Assume that Trump wants to pursue Policy X in foreign affairs.  I use a foreign affairs example because presidents have more leeway there as a historical matter.  Imagine further that Policy X is opposed by the State Department, the Defense Department, and the military.  Trump (and any other president) has the alternative of turning to the intelligence community, especially the CIA.  In a way, the CIA was set up to facilitate this possibility, in that it was created not to be independent, but rather to be responsive to the president.  Now you may recall that Nixon was rebuffed when he turned to the CIA after the Watergate burglary (although Richard Helms and the agency paid a price as a result).  But Nixon had already invented the alternative means of having the White House staff “go operational” in terms of the Plumbers.  That’s also roughly what happened during Iran-contra in terms of the ability of the NSC staff to go around the established bureaucracy.  If the president so wishes, the White House and NSC can function to an extent to parallel the operations of the regular line agencies in foreign affairs.

To be sure, there are things the White House cannot do on its own.  I assume, for example, it can’t run a massive technically complex surveillance operation of its assumed enemies.  But of course the NSA can and I think we’ve learned quite a bit from the Bush II administration about the forces that can be brought to bear on the relatively fragile legal structures that currently preserve a level of agency independence from a misguided president.  I don’t think intelligence agency officials would be in a robust position to disobey presidential orders unless they were directly contrary to law.  They could resign of course, that’s what nearly happened in the confrontation between President Bush and James Comey when AG Ashcroft was in the hospital.  So quite a bit depends on who Trump appoints to the AG’s office.  Yet even so, there are always theories of necessity, emergency and so on.  There’s a lot of bad that could happen before the whistle blowers sprang up.
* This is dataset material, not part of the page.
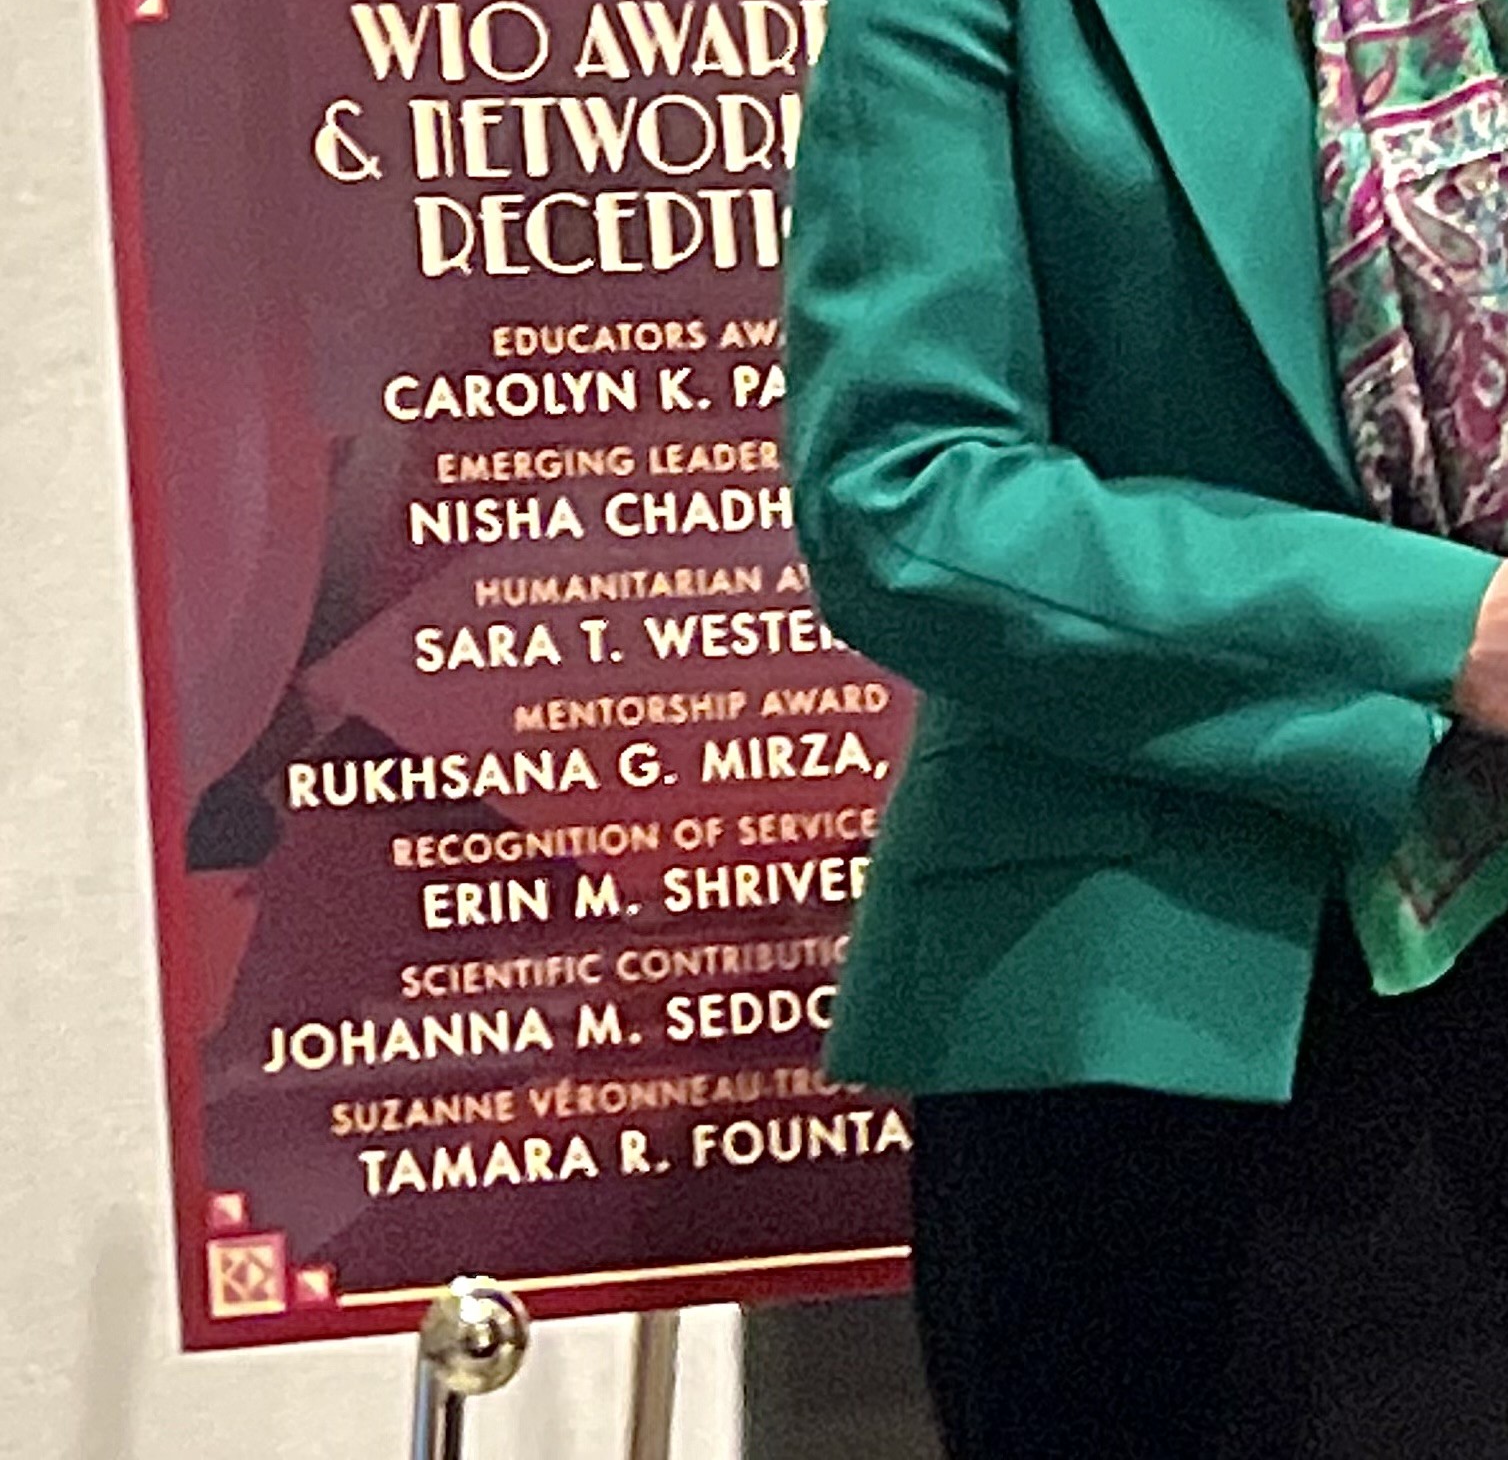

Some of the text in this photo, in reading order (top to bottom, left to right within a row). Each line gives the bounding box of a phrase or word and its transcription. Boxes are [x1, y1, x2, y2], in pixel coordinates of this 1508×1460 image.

Some scholars believe the executive branch has fairly robust internal checks.  I tend to agree with them in ordinary times, but experience shows these checks can fold when presidential power is applied directly.  And in any case, the president always has the option of evading the checks by having the White House staff go operational.  The possibilities here for mischief in the general area of military action and intelligence surveillance are just endless.  We do have an informal Constitution, but it is not necessarily a tame and compliant partner to its formal counterpart.  Experience has shown that the informal constitution can be in considerable tension with its “big-C” counterpart.  That’s a theoretical point, but I hope you can see how this theory has big implications for what Trump could do to and with the presidency.